The answer must be the full data, restated word for word, with no pictures in it.
====== GIVEN ENTRIES ======
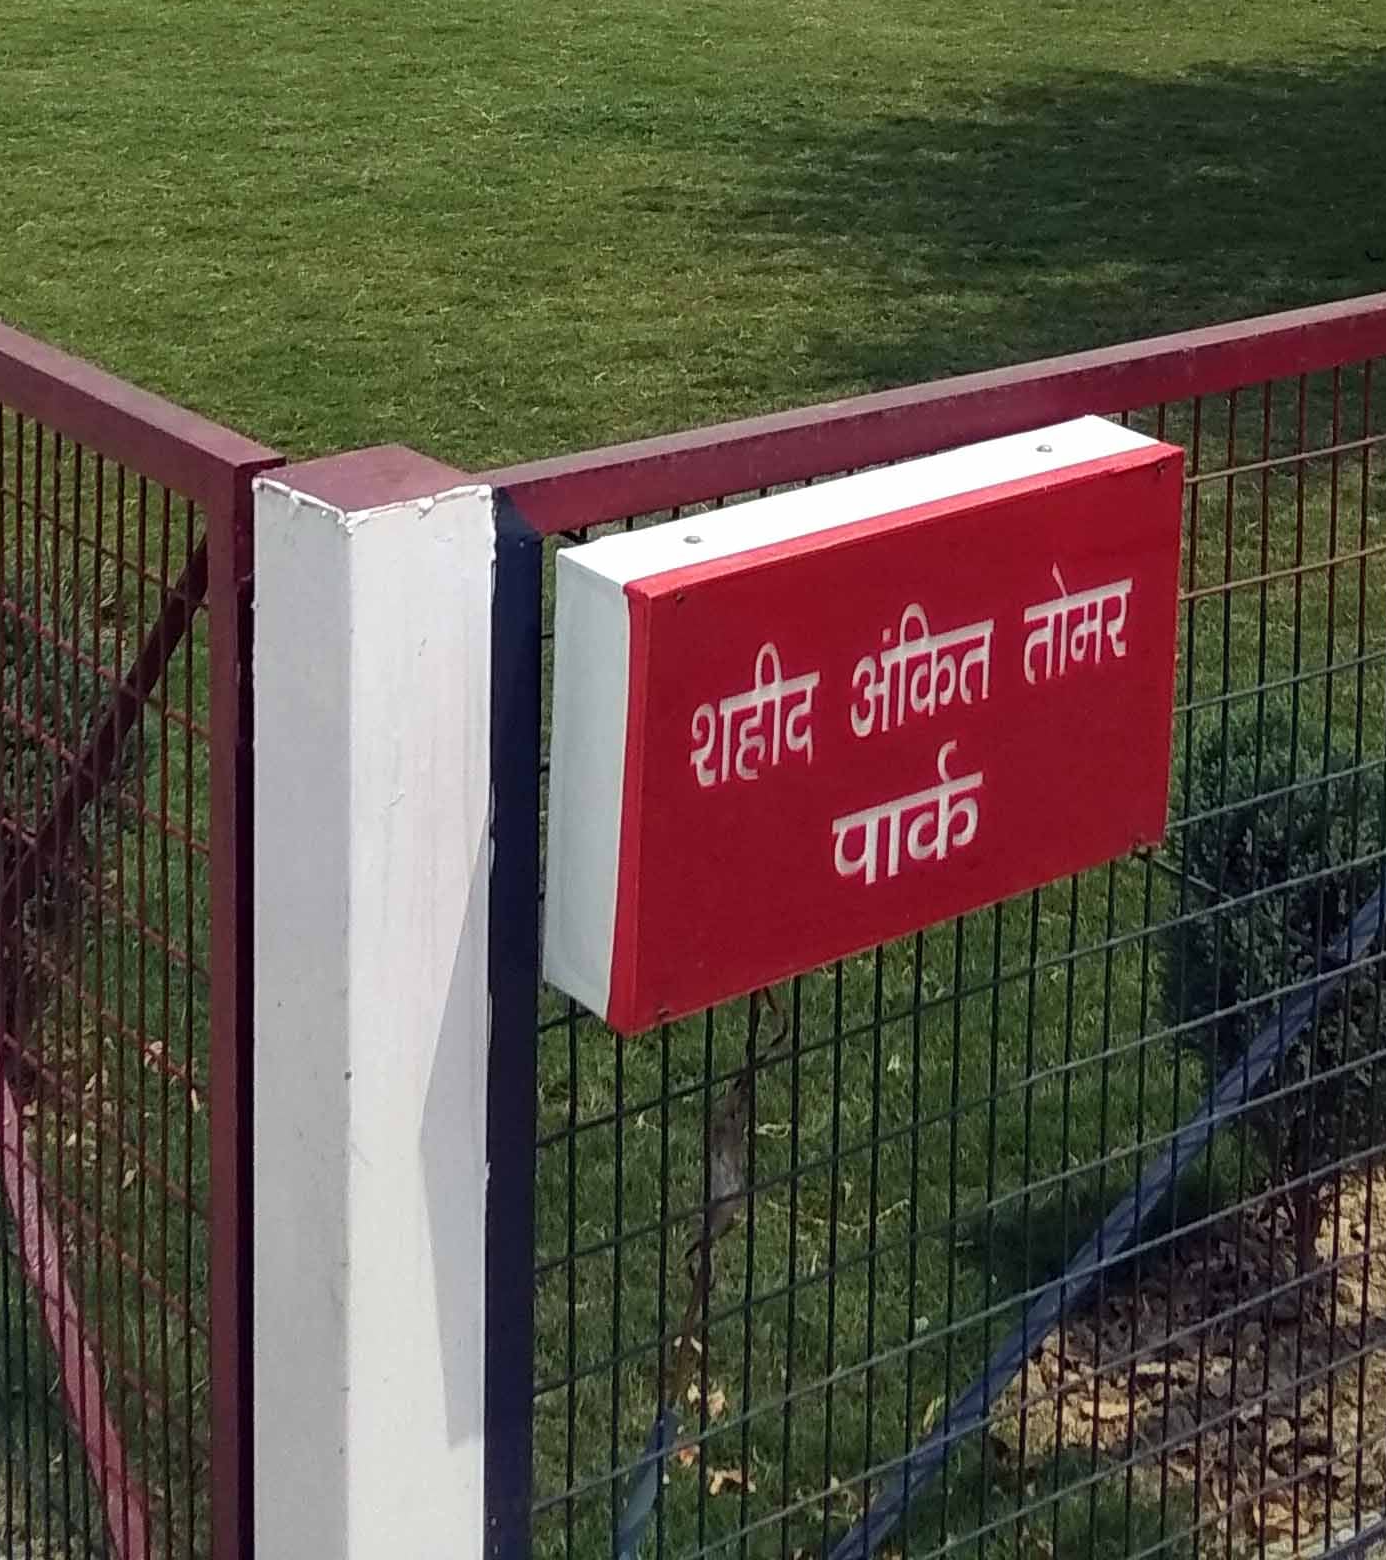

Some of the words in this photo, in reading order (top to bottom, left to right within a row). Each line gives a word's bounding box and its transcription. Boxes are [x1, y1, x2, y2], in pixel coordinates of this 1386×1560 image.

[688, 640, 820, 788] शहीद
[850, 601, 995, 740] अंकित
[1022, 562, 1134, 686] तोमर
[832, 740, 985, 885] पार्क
======
> _RESPONSE AREA_:
Some of the words in this photo, in reading order (top to bottom, left to right within a row). Each line gives a word's bounding box and its transcription. Boxes are [x1, y1, x2, y2], in pixel coordinates of this 1386×1560 image.

[688, 640, 820, 788] शहीद
[850, 601, 995, 740] अंकित
[1022, 562, 1134, 686] तोमर
[832, 740, 985, 885] पार्क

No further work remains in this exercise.